Vielleicht möchten Sie auch damit beginnen, herauszufinden, Was ist Ihr Handelsstil?

FAQs

1. Was ist Leerverkauf?

Leerverkäufe sind eine Anlagestrategie, bei der ein Händler Aktien einer Aktie leiht, von denen er erwartet, dass sie an Wert verlieren, sie zum aktuellen Marktpreis verkauft und versucht, sie später zu einem niedrigeren Preis zurückzukaufen. Der Gewinn ist die Differenz zwischen Verkaufspreis und Einkaufspreis.

2. Wie funktionieren Leerverkäufe?

Beim Leerverkauf werden Aktien von einem Broker geliehen und sofort auf dem freien Markt verkauft. Der Händler wartet dann darauf, dass der Aktienkurs sinkt. Wenn dies der Fall ist, kaufen sie die Aktie zum niedrigeren Preis zurück, geben sie an den Broker zurück und stecken die Differenz ein.

3. Welche Risiken sind mit Leerverkäufen verbunden?

Zu den Hauptrisiken gehören unbegrenzte Verluste (da es keine Obergrenze dafür gibt, wie hoch ein Aktienkurs steigen kann), Nachschussforderungen (die zusätzliche Mittel erfordern, wenn der Aktienkurs steigt) und Marktrisiken (wie Short Squeezes, bei denen ein schneller Preisanstieg erhebliche Auswirkungen haben kann). Verluste).

4. Können Leerverkäufe als Absicherungsstrategie eingesetzt werden?

Ja, Leerverkäufe können zur Absicherung gegen Marktabschwünge eingesetzt werden. Durch Leerverkäufe von Aktien können Händler potenzielle Verluste aus ihren Long-Positionen ausgleichen. Um wirksam zu sein, bedarf es jedoch einer sorgfältigen Analyse und eines sorgfältigen Timings.

5. Was sollten Händler vor Leerverkäufen beachten?

Händler sollten die Aktie und ihre Branche gründlich recherchieren, die Gründe für ihren möglichen Rückgang verstehen, Stop-Loss-Orders verwenden, um Verluste zu begrenzen, und auf Marktvolatilität vorbereitet sein.
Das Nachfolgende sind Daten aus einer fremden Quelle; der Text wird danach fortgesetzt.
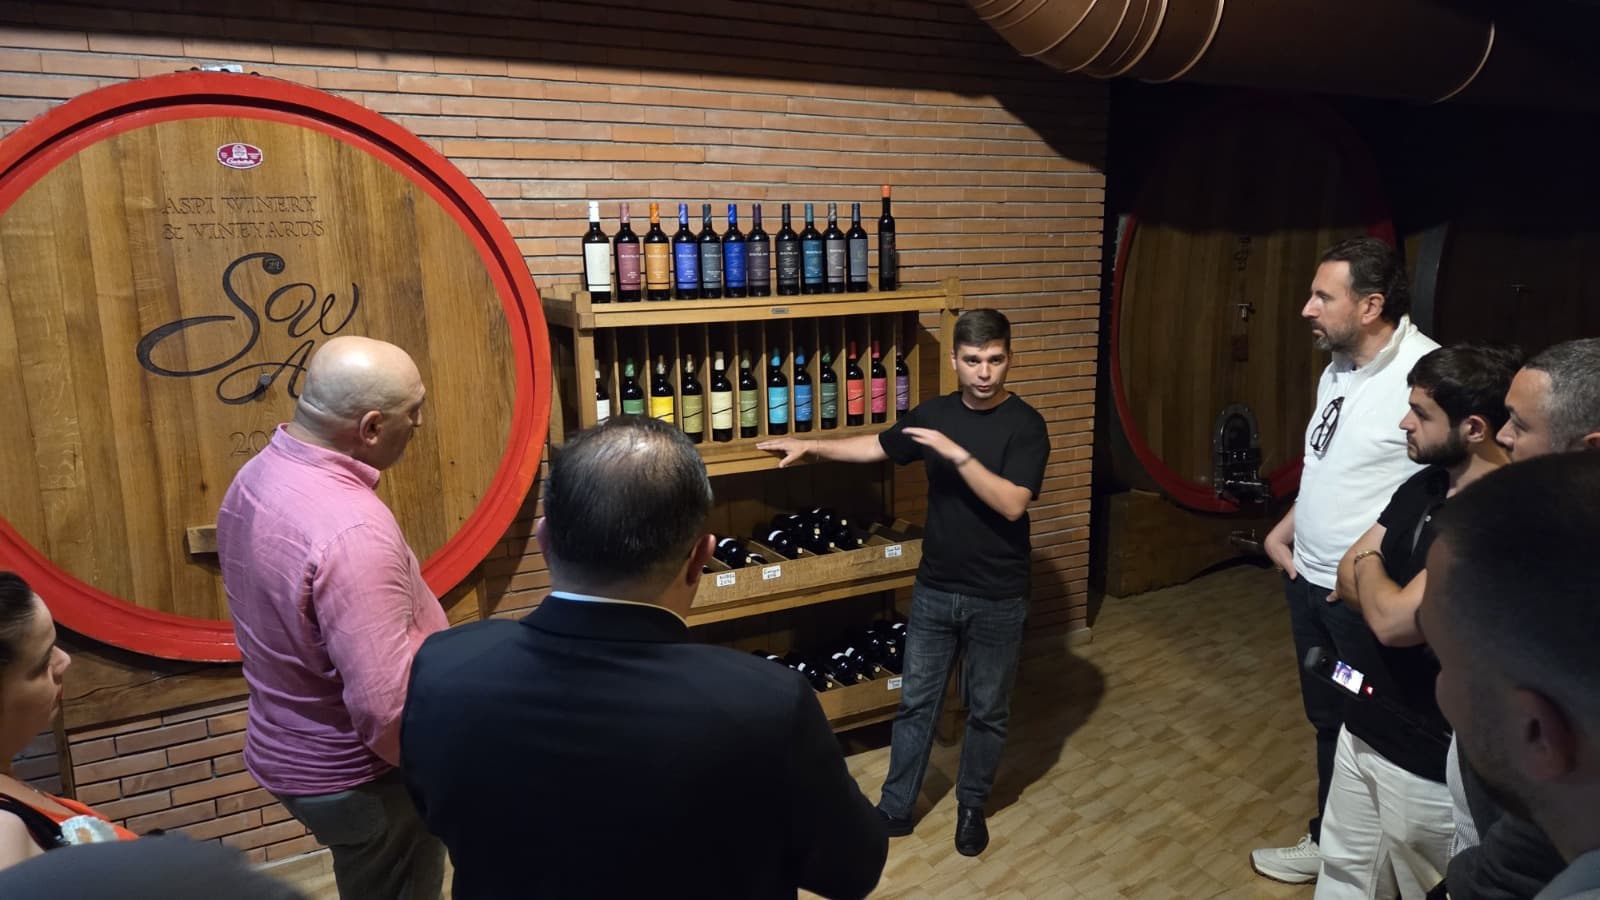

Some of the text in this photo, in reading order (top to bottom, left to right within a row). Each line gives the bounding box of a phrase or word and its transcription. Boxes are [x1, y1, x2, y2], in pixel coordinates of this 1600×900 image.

[161, 196, 317, 215] ASPI WINERY
[163, 220, 324, 240] & VINEYARDS
[229, 428, 277, 457] 20
Wichtig ist auch eine klare Exit-Strategie.

6. Wie wähle ich Aktien für Leerverkäufe aus?

Suchen Sie nach Aktien mit Anzeichen einer Überbewertung, schwachen Finanzdaten, schlechten Branchenaussichten oder negativen Nachrichten, die zu einem Preisverfall führen könnten. Es ist jedoch wichtig, vor einer Entscheidung umfassende Recherchen und Analysen durchzuführen.

7. Was ist ein Short Squeeze?

Ein Short Squeeze liegt vor, wenn der Kurs einer stark leerverkauften Aktie plötzlich steigt und Leerverkäufer gezwungen sind, Aktien zurückzukaufen, um ihre Positionen zu decken. Dieser Kauf kann den Preis weiter in die Höhe treiben und zu erheblichen Verlusten für Leerverkäufer führen.

8. Gibt es regulatorische Bedenken bei Leerverkäufen?

Ja, Aufsichtsbehörden prüfen Leerverkäufe häufig auf mögliche Marktmanipulationen. Es ist wichtig, alle gesetzlichen Anforderungen und Meldepflichten in Ihrem Land zu kennen und einzuhalten.

9. Wie lange kann ich eine Short-Position halten?

Es gibt kein festgelegtes Zeitlimit für das Halten einer Short-Position. Allerdings fallen für Sie Kreditkosten an, und je länger Sie die Position halten, desto größer ist das Risiko durch Marktveränderungen.

10. Können Leerverkäufe den Aktienkurs eines Unternehmens beeinflussen?

Ja, starke Leerverkäufe können den Kurs einer Aktie unter Druck setzen, insbesondere wenn sie zu einer negativen Marktstimmung führen. Die Gesamtauswirkungen hängen jedoch auch von den allgemeinen Marktbedingungen und den Fundamentaldaten des Unternehmens ab.